年代不明の美顔水の広告。パッケージもレトロ(明色化粧品提供)

 西洋医学に基づいた日本で最初の化粧水といわれる『美顔水』。製造する桃谷順天館は明治18(1885)年の発売以来、136年にわたりニキビに悩む人たちに寄り添ってきた。開発秘話を尋ねると、それはある夫婦の愛の物語だった─。

誕生から136年、SNSで再注目

「口元やあごなどにニキビができて、なかなか治らずに悩んでいました……」

 東京都の会社員、田中優子さん(仮名・26歳)はコロナ禍でひどいニキビができるようになったという。

「周りの視線も気になり、マスクがはずせませんでした」

 そんなときSNSの口コミで『美顔水』の存在を知った。同じような悩みの投稿を見て、試してみようと美顔水を購入。

発売中の美顔水

 しばらくするとニキビは目立たなくなり、田中さんの顔にも笑顔が戻った。

 このコロナ禍で田中さんのようにマスク使用が原因とみられるニキビに悩まされる人は少なくないという。そんな中、注目されたのが『明色美顔水 薬用化粧水』だ。

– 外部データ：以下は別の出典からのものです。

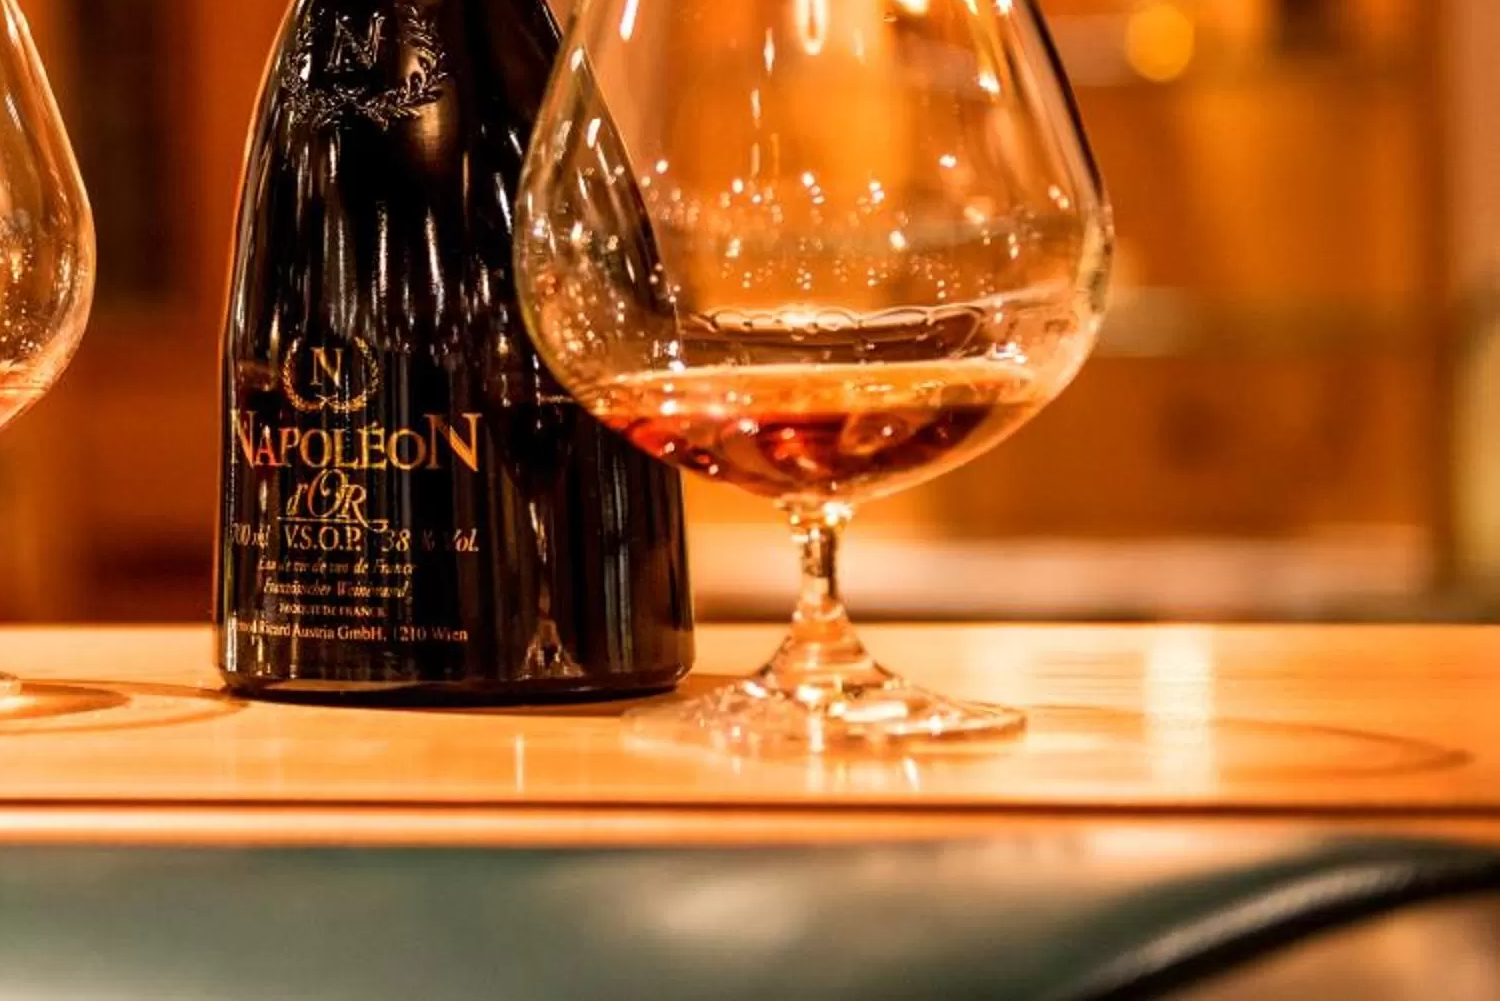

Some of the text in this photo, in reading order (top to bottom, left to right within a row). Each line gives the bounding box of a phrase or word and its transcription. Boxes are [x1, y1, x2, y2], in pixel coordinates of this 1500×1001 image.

[309, 346, 342, 388] N
[284, 523, 362, 551] V.S.O.P.
[291, 622, 335, 639] Austria

 現在、同商品を製造、販売する明色化粧品(本社・大阪府)の同社ブランド担当の石田成美さんが明かす。

「2020年から'21年にかけてSNSでは『美顔水』というキーワードが数多く投稿されており、売り上げにも大きな影響がありました」

 人気急上昇中の美顔水。実は誕生から136年もの間、ニキビに悩む人々の肌を救ってきたロングセラーアイテムなのだ。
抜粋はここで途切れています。